_Work instruction_. Pictures must not appear; the answer is exactly the lines from the one that holds "Some of the words" through the end of the material.

_Dataset extract_.

- - -

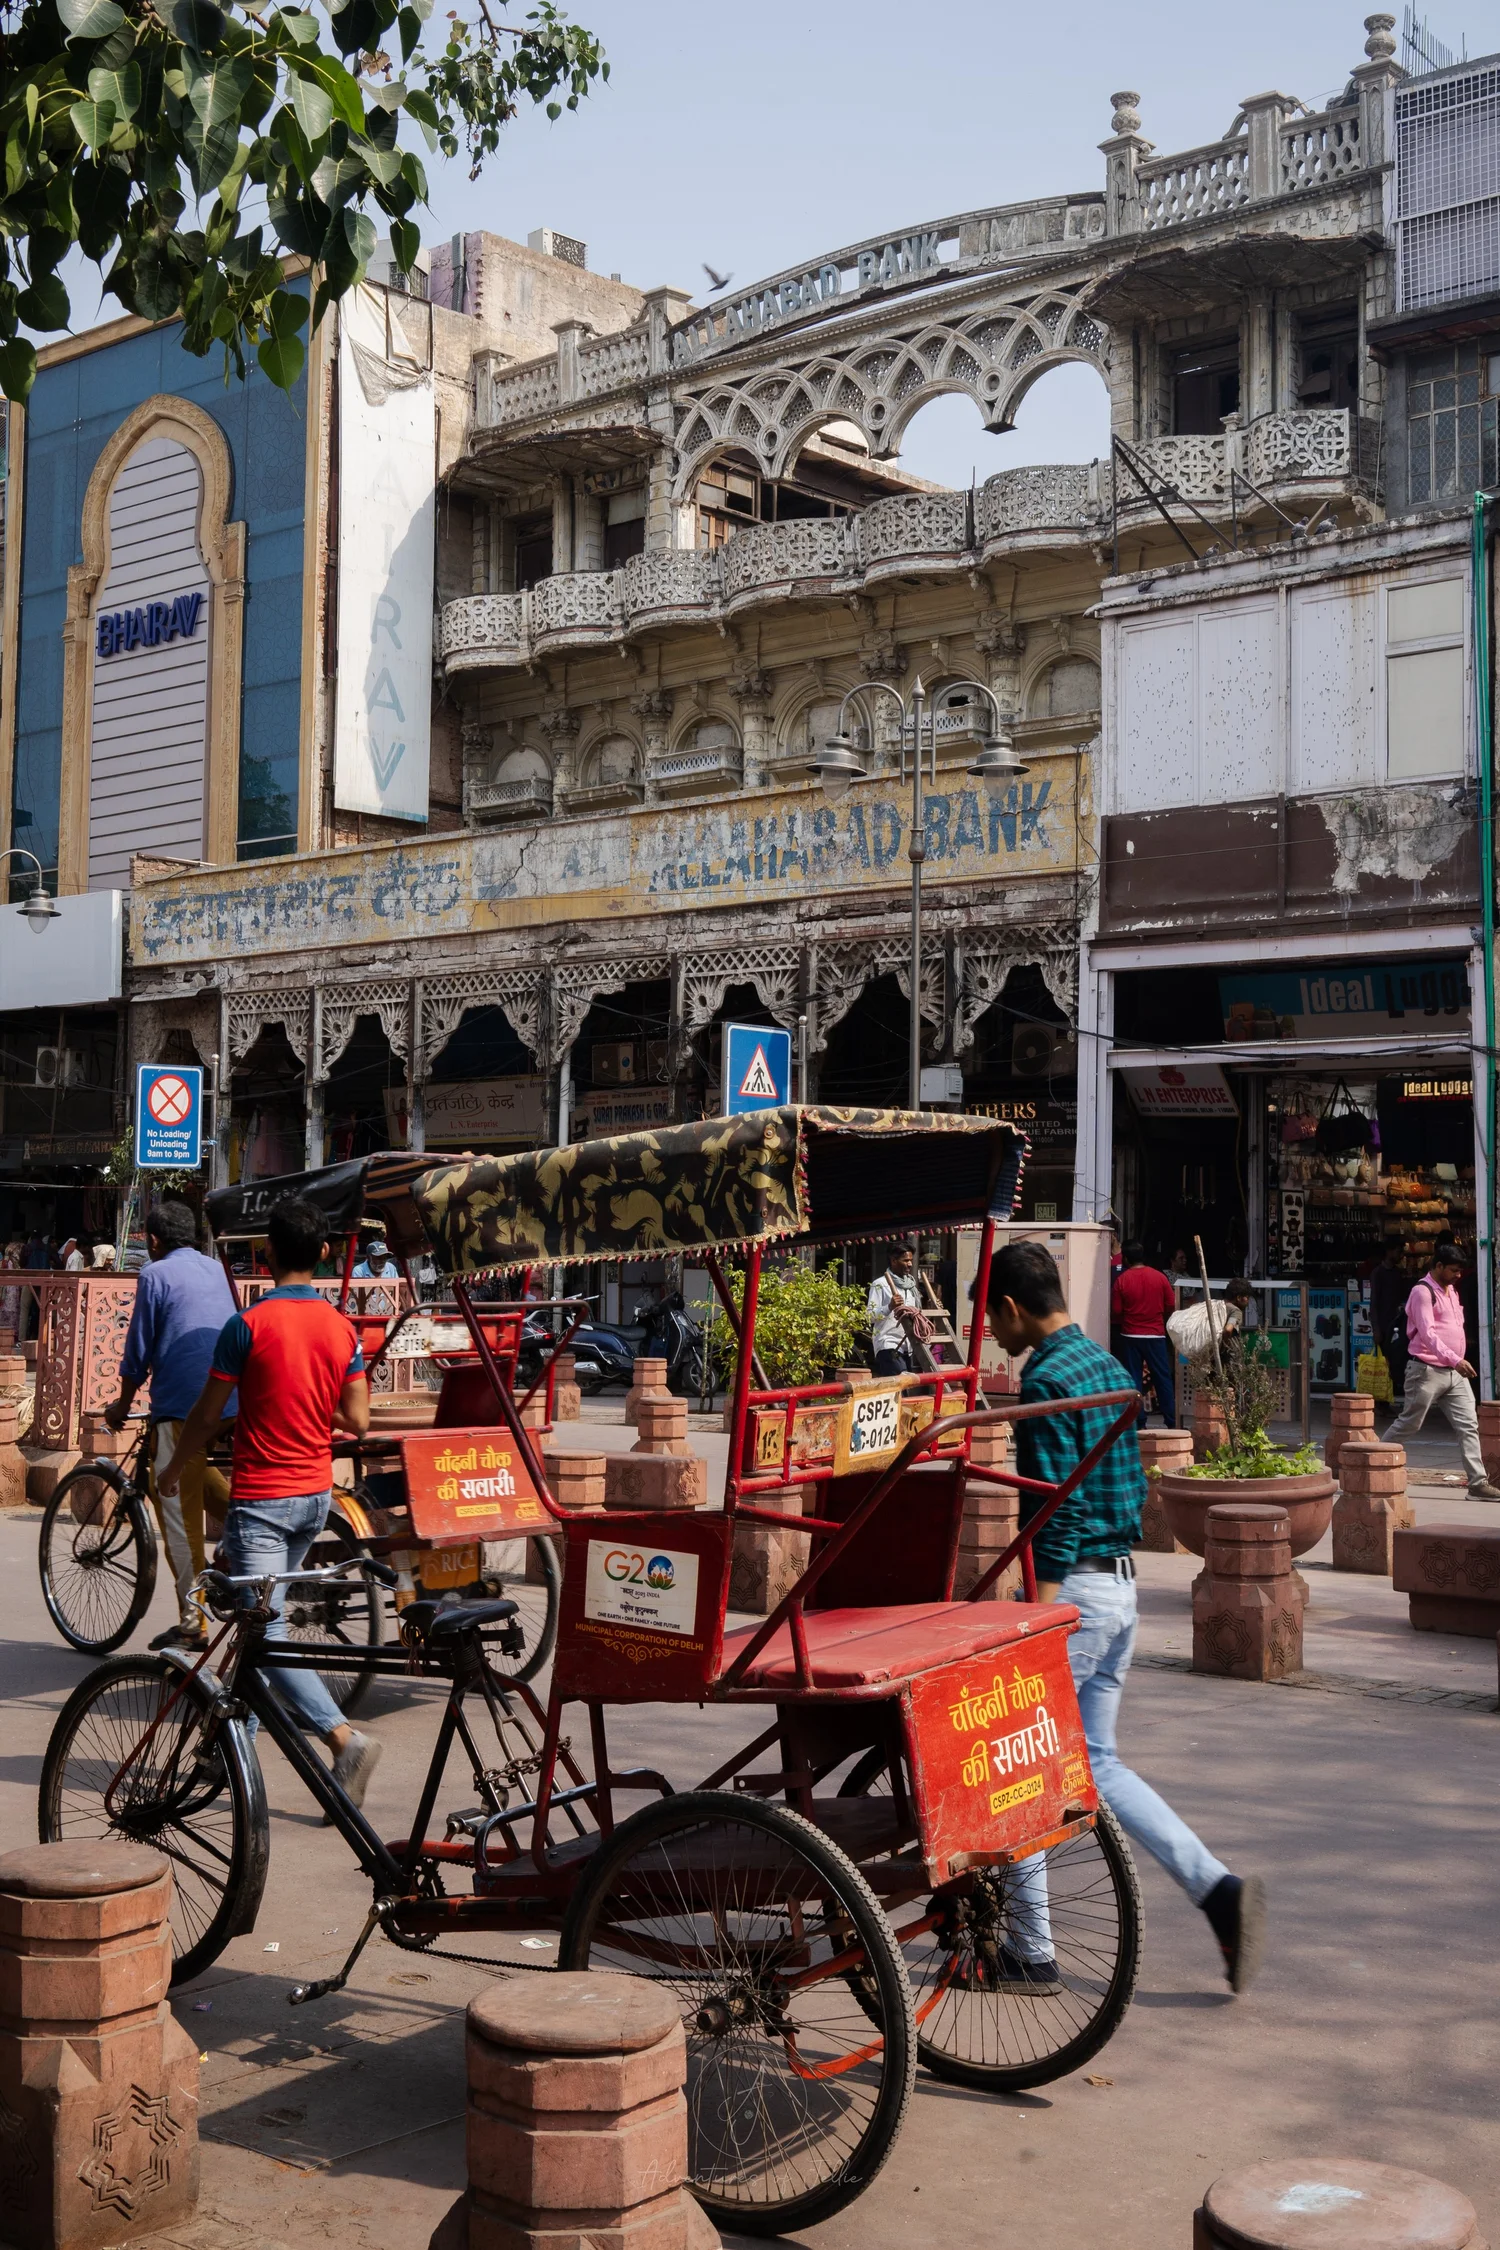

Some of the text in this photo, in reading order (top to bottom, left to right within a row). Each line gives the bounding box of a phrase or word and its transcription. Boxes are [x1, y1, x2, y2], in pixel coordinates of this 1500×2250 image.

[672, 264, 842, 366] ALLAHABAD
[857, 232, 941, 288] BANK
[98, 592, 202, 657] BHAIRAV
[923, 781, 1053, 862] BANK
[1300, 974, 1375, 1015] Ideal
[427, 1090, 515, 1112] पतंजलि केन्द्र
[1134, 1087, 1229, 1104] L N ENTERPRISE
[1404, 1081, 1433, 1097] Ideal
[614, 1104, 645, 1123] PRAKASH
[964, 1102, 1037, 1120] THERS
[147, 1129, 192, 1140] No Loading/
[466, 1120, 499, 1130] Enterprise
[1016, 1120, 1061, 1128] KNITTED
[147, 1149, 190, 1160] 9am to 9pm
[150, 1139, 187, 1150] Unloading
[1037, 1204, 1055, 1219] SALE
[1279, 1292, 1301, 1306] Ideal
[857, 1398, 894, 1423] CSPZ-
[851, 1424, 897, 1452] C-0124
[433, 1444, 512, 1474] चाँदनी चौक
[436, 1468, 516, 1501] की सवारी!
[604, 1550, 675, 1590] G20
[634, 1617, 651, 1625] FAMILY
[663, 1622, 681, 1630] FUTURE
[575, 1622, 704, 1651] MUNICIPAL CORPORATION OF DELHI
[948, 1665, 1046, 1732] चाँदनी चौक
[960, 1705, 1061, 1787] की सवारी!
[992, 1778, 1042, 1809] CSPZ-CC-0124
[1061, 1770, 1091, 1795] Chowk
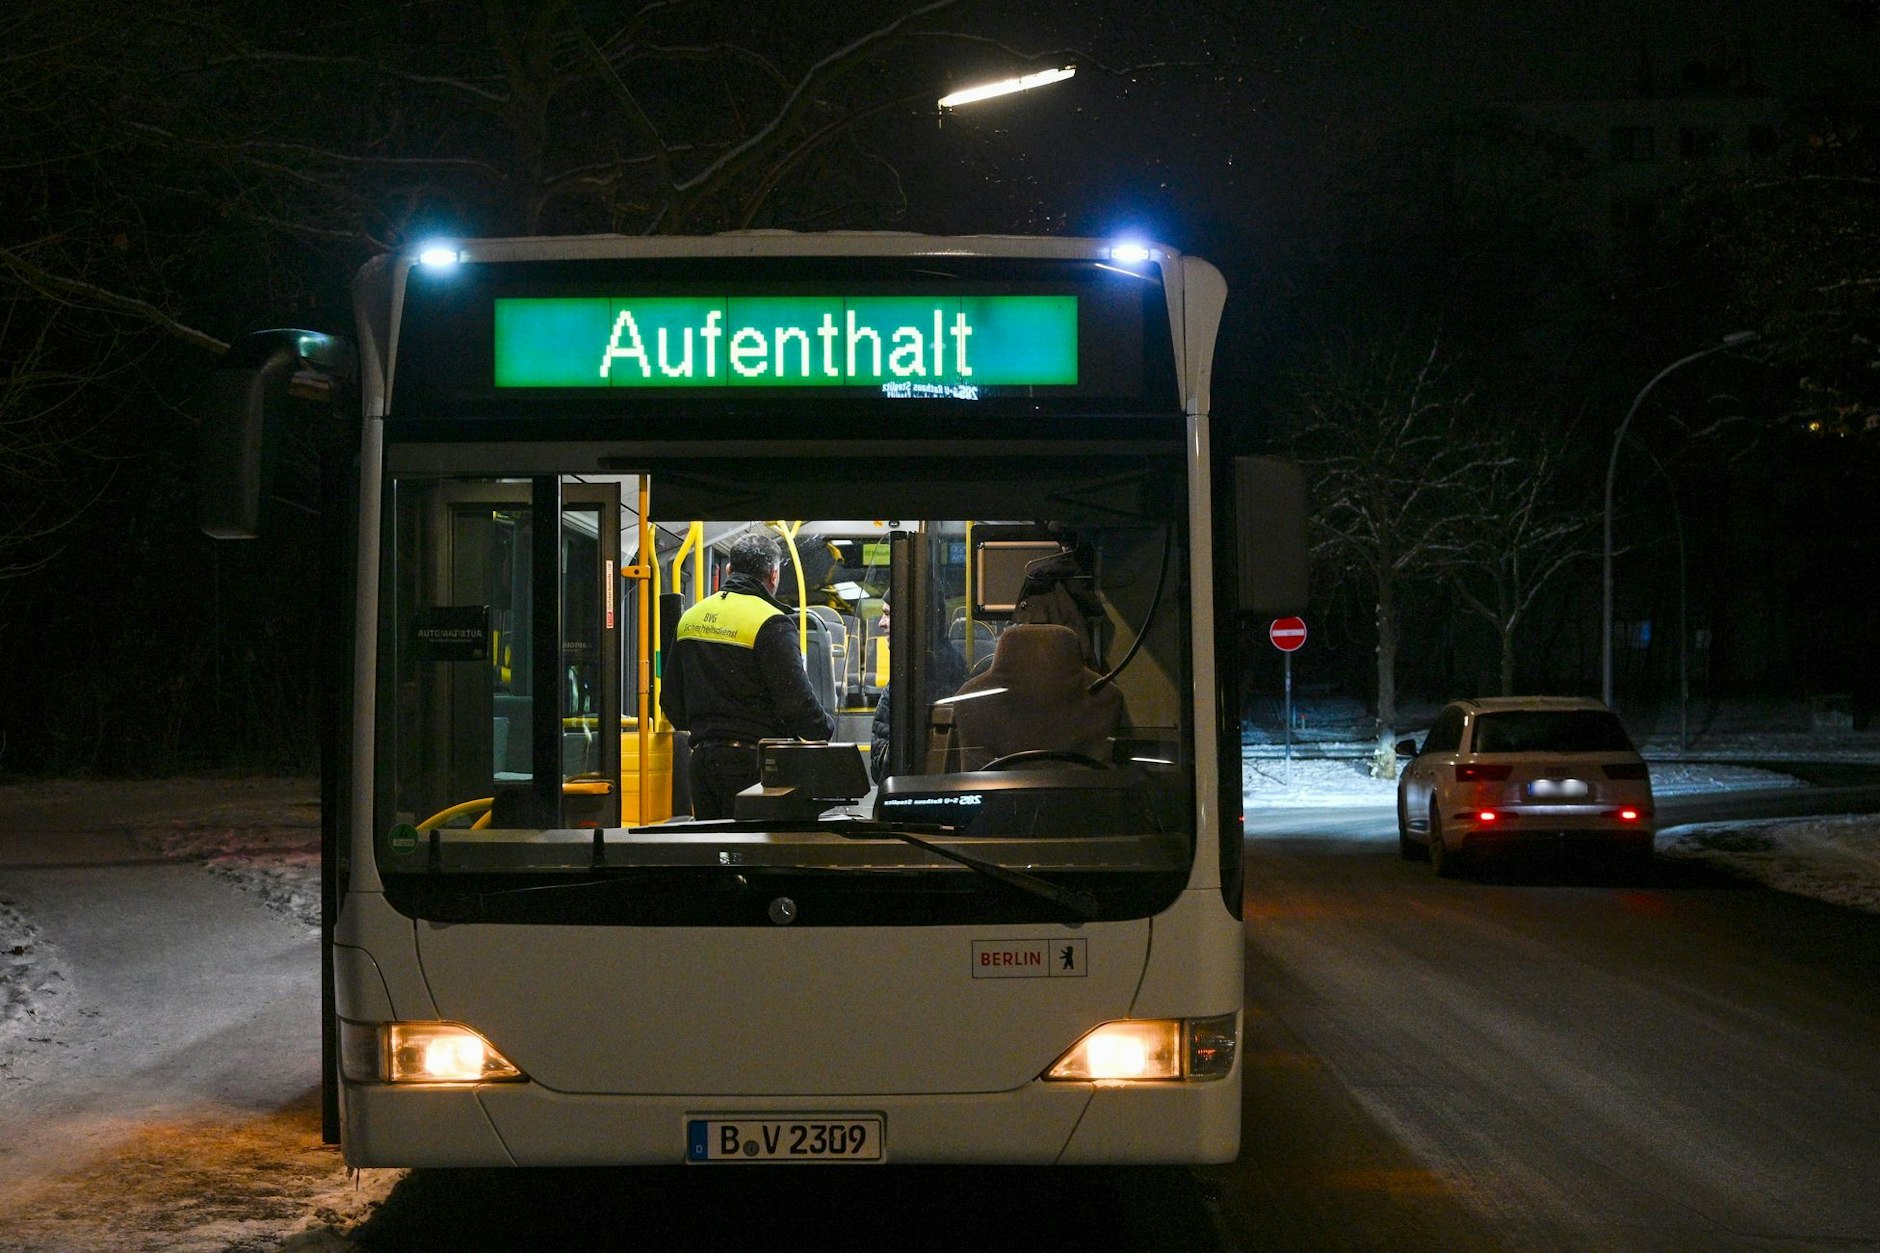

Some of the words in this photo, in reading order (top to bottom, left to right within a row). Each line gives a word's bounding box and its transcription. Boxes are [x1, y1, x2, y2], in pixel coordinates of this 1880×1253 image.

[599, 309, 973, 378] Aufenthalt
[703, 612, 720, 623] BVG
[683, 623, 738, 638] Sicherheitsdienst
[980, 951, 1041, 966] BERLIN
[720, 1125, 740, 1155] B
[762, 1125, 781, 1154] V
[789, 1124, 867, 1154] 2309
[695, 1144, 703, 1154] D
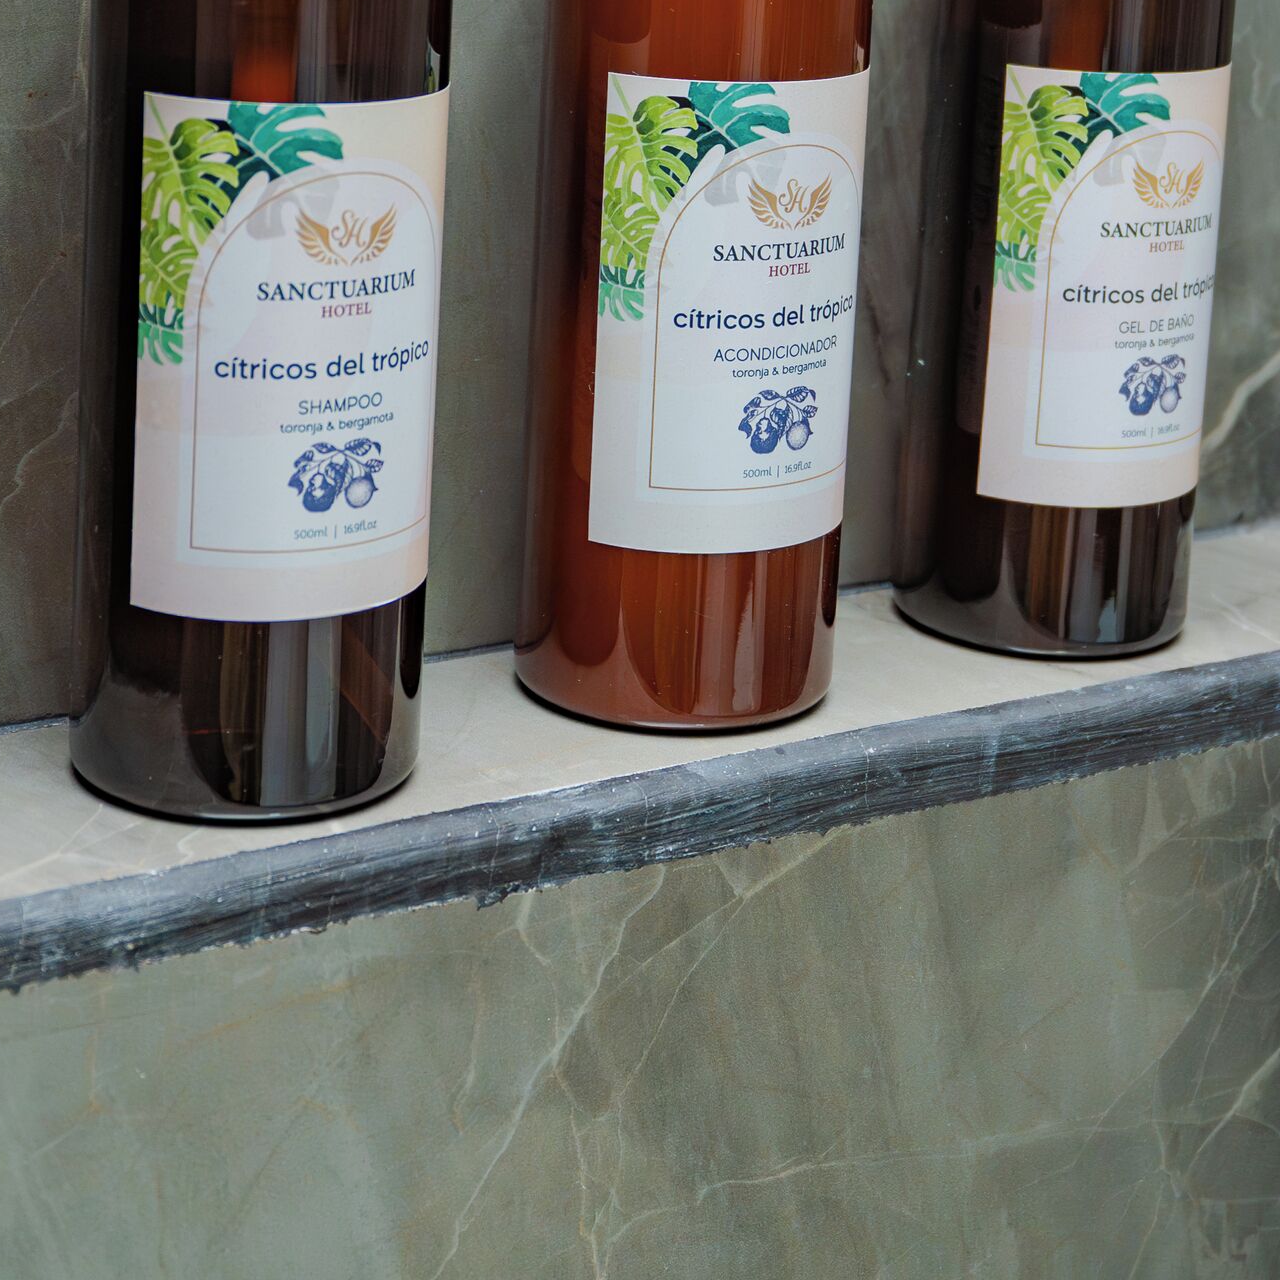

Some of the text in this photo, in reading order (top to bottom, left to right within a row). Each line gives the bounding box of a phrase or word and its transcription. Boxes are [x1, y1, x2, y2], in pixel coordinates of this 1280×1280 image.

- - -

_Answer_.
Some of the words in this photo, in reading order (top to bottom, left to right within a row). Each line gives a word's bounding box and its transcription. Boxes are [x1, y1, x2, y2], in pixel coordinates of this 1880×1253 image.

[599, 309, 973, 378] Aufenthalt
[703, 612, 720, 623] BVG
[683, 623, 738, 638] Sicherheitsdienst
[980, 951, 1041, 966] BERLIN
[720, 1125, 740, 1155] B
[762, 1125, 781, 1154] V
[789, 1124, 867, 1154] 2309
[695, 1144, 703, 1154] D

Some of the text in this photo, in reading order (top to bottom, left to right within a row). Each line gives the bounding box of a phrase or word and its transcription. Boxes are [x1, y1, x2, y2], in pixel coordinates of this 1280×1280 image.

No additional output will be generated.